5b. Or pull an entire org / group / workspace at once

Paste a single URL — GitHub org/user, GitLab group/user, Bitbucket workspace, or a JSON/YAML manifest — and ckg discovers every accessible repo, registers them, and queues a full ingest for each.

# Public org, anonymous
ckg source add https://github.com/orgs/anthropics

# Private org with a Personal Access Token (example: read from env)
export CKG_SOURCE_TOKEN="$GH_PAT"
ckg source add https://github.com/orgs/acme --include-forks

# GitLab group (incl. subgroups)
ckg source add https://gitlab.com/groups/gitlab-org

# Bitbucket workspace (token format: "username:app-password")
ckg source add https://bitbucket.org/atlassian --token "$BB_USER:$BB_APP_PASSWORD"

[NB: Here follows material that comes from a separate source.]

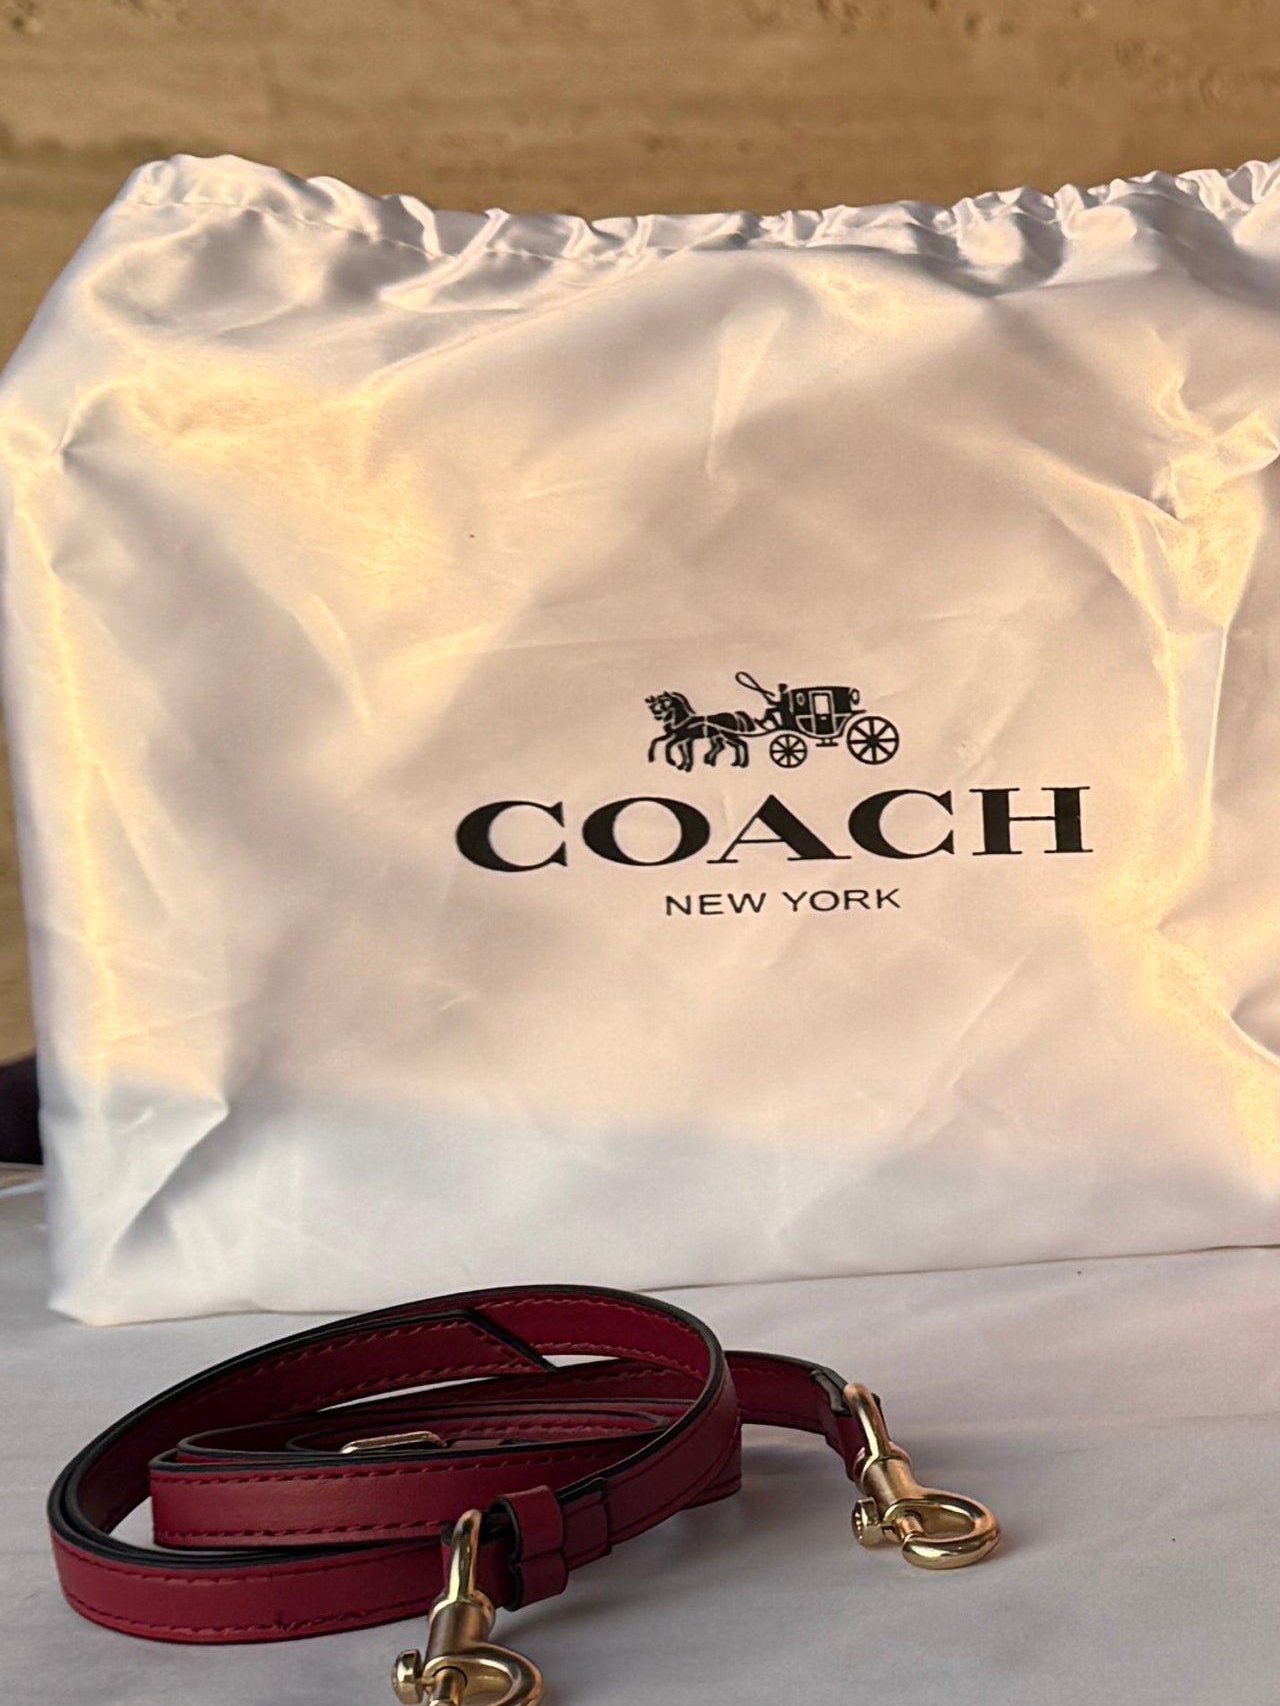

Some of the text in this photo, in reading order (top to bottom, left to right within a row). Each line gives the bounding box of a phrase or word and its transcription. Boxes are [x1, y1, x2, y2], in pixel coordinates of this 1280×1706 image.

# Manifest URL (JSON or YAML list)
ckg source add https://example.com/all-repos.yaml

ckg source list          # see what you've added
ckg source repos 1       # repos discovered for source 1
ckg source sync 1        # re-discover; queues ingests for newly-added repos
ckg source delete 1 --yes  # CASCADE — drops every repo + graph data this source created

PATs are encrypted at rest with Fernet (key in CKG_SECRET_KEY). They never appear in repos.url — the worker injects them into the clone URL at fetch time.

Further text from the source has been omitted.